Employment and Salary for Hospice and Palliative Care Social Workers
Palliative care and hospice social workers can work in hospitals and nursing homes; however, many split their time between these health facilities and their clients' homes. If you want to earn a specialization in a specific area of palliative or hospice care social work, you can pursue a certificate or minor in family and conflict dispute resolution, or grief counseling. Not many palliative care or hospice social workers earn a specialization, but earning one can increase your earning potential and transform you into a competitive job candidate.
The salaries for hospice and palliative care social workers vary according to one's location and experience in the field. As you can see in the chart below, the difference between what an entry-level and seasoned hospice worker earns varies significantly. Keep in mind that these numbers represent the average salary. Additionally, social work positions on the coast tend to pay more than the same positions in the Midwest because the cost of living tends to run higher in these regions.

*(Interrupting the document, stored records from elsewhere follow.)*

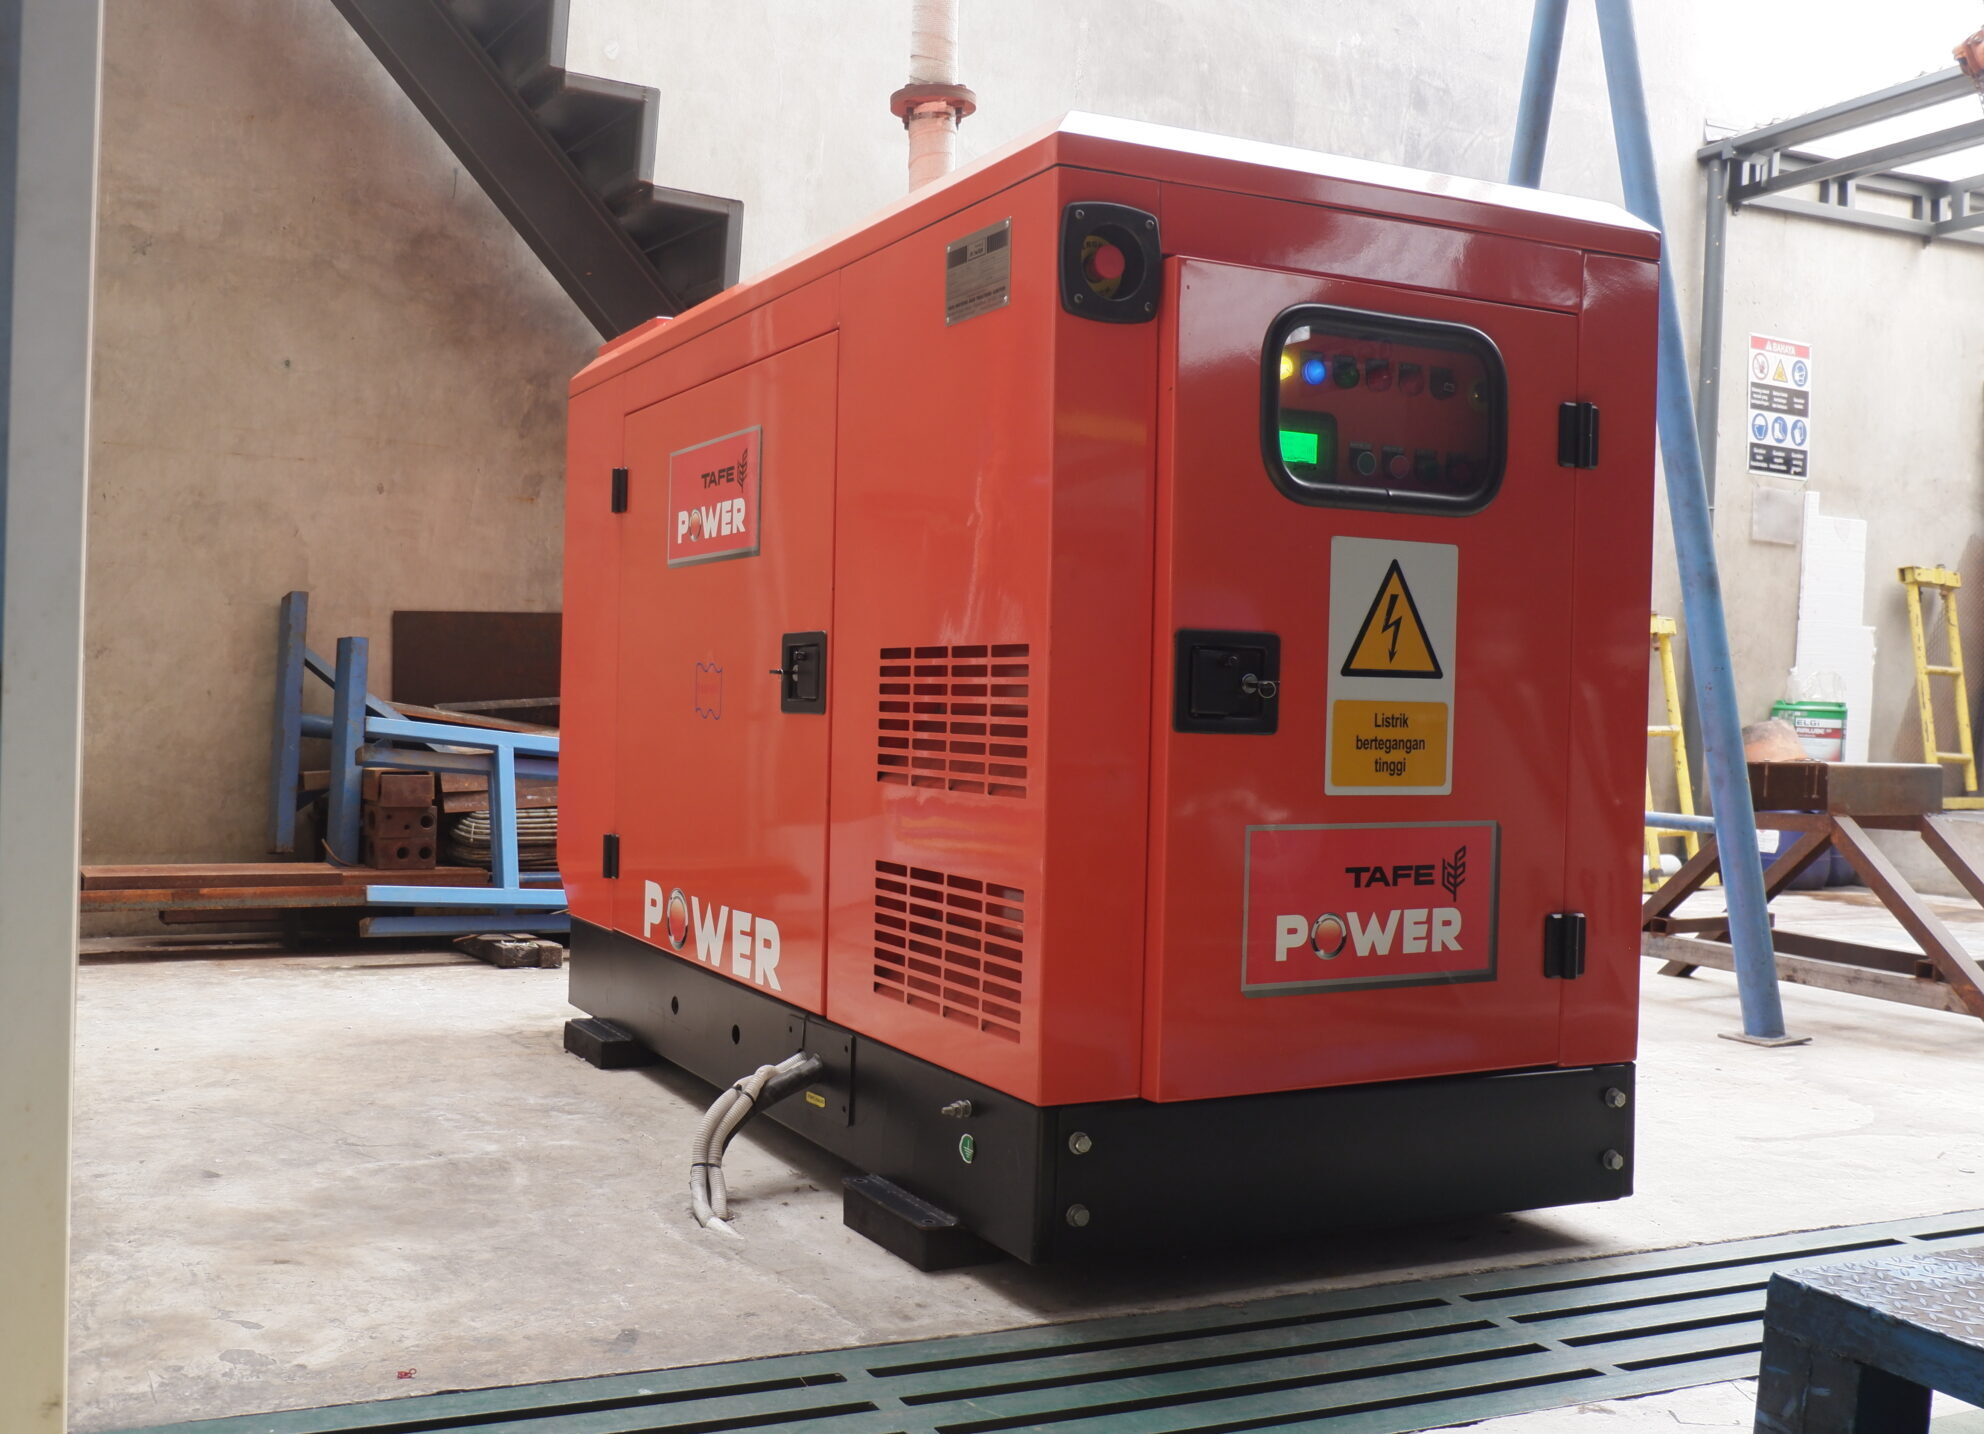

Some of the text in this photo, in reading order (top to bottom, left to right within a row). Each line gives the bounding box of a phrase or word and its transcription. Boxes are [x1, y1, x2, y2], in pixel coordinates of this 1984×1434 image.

[701, 466, 735, 489] TAFE
[677, 497, 746, 544] POWER
[1374, 713, 1409, 728] Listrik
[1356, 735, 1426, 754] bertegangan
[1375, 758, 1407, 776] tinggi
[1345, 864, 1435, 888] TAFE
[643, 879, 782, 992] POWER
[1275, 907, 1463, 962] POWER
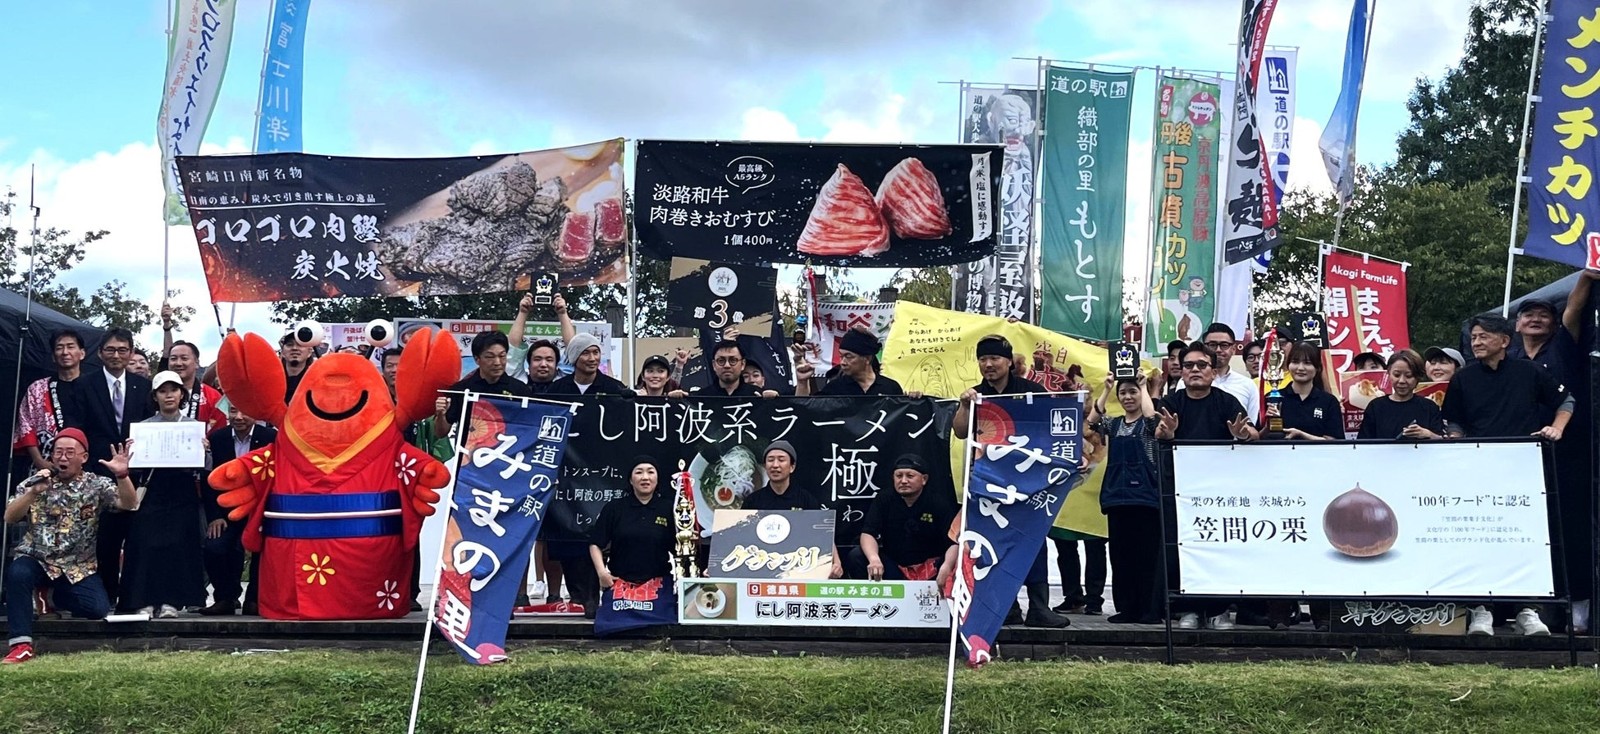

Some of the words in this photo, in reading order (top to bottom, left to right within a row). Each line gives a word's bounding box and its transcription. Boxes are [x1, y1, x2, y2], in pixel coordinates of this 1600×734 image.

[266, 22, 294, 154] 富士川楽
[1051, 75, 1107, 97] 道の駅
[1160, 122, 1193, 147] 丹後
[1273, 96, 1290, 150] 道の駅
[1076, 105, 1098, 192] 織部の里
[188, 166, 303, 184] 宮崎日南新名物
[733, 173, 768, 182] A5ランク
[738, 163, 764, 173] 最高級
[652, 183, 730, 205] 淡路和牛
[649, 205, 777, 228] 肉巻きおむすび
[1159, 151, 1188, 285] 古墳カツ
[723, 233, 773, 247] 1個400円
[290, 249, 386, 281] 炭火焼
[1065, 201, 1100, 323] もとす
[1330, 265, 1358, 280] Akagi
[1361, 270, 1399, 286] FarmLife
[518, 443, 560, 521] 道の駅
[820, 443, 880, 501] 極
[1025, 440, 1079, 516] 道の駅
[555, 488, 629, 502] にし阿波の野菜
[1190, 496, 1251, 508] 栗の名産地
[1258, 496, 1308, 508] 茨城から
[1192, 515, 1309, 544] 笠間の栗
[434, 433, 533, 662] みまの里
[720, 544, 822, 573] グランプリ
[750, 585, 759, 594] 9
[766, 584, 799, 595] 徳島県
[819, 586, 845, 595] 道の駅
[847, 585, 893, 597] みまの里
[756, 601, 898, 619] にし阿波系ラーメン
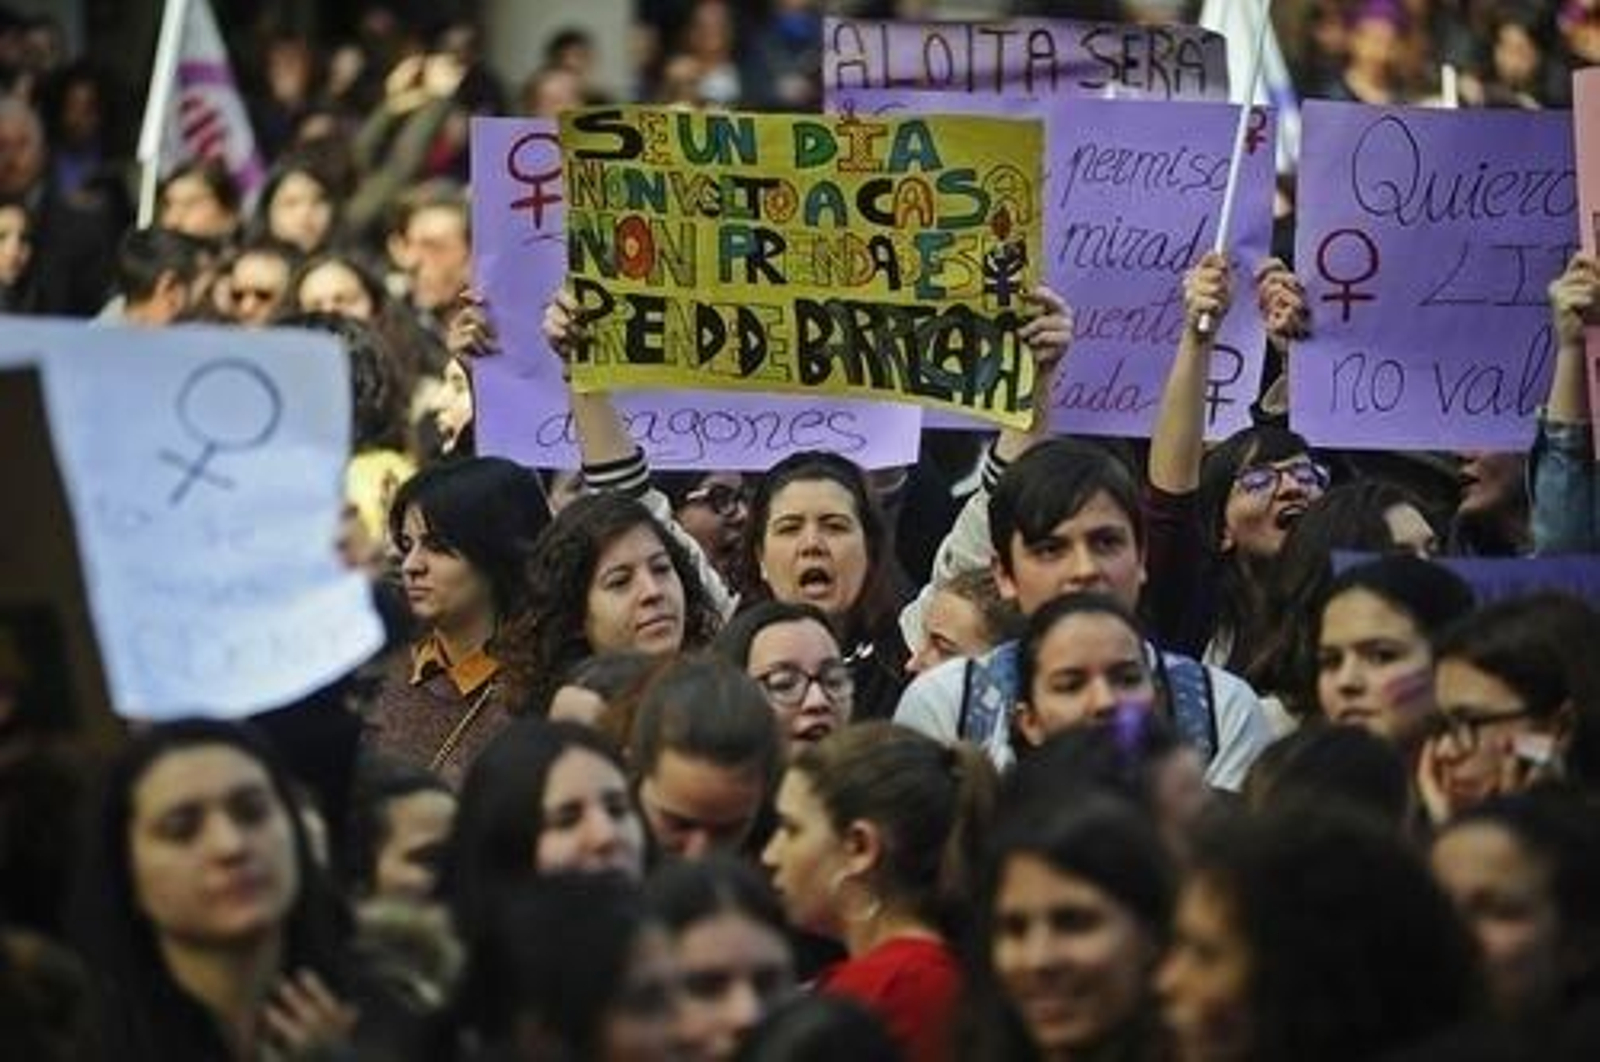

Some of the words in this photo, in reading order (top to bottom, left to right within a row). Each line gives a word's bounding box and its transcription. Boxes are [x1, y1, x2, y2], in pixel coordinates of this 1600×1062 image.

[572, 110, 675, 166] SE
[677, 112, 758, 167] UN
[568, 161, 667, 214] NON
[804, 180, 849, 228] A
[856, 165, 1033, 229] CASA
[1352, 115, 1578, 228] Quiero
[567, 209, 698, 288] NON
[1057, 213, 1210, 275] mirad
[1330, 351, 1405, 414] no

How to Find a Job as a Hospice and Palliative Care Social Worker
Hospice and palliative care social work positions are rewarding career paths, however it can be a competitive field to enter. Graduates should find ways to help their resume stand out with additional certifications and specializations. You should also send your resumes to as many employers in different industries as possible. According to the BLS, individual and family services, state government, ambulatory healthcare service, and hospitals employ the most social workers.
Designing a clean resume that only lists your top accomplishments and qualifications can help you stand out from others. Writing a cover letter tailored to each specific job you apply for can also add a nice touch to your application, as well as recommendation letters from former employers.
The BLS also predicts this career to grow faster than average at 16% through 2026. So with enough determination, patience, and the right qualifications, you can find a job as a palliative care social worker.
Hospice and Palliative Care Social Work Resources
- Council on Social Work Education The CSWE not only accredits social work programs, but also helps social workers become educational leaders. This organization publishes the Journal of Social Work Education.
- National Association of Social Workers The NASW is the world's largest membership organization for professional social workers. The organization works to provide education for social workers and bring them together through networking events.
- International Federation of Social Workers IFSW advocates for social justice, human rights, and social development. The organization hosts international conferences and publishes informative journals. Members can also submit articles for publication.
- Social Work Hospice & Palliative Care Network For the latest information, policy updates, and helpful resources in the social work field, SWHPN serves as an excellent tool. Members participate in professional networking events and receive a regular journal with important news. For younger members, the mentor program allows generations of professionals to connect to receive or share tips of the profession.
- Association of Social Work Boards The ASWB provides members with resources for professional development and a community of other social workers. In addition, the organization provides resources for exams -- such as study books -- and holds an annual conference for educators.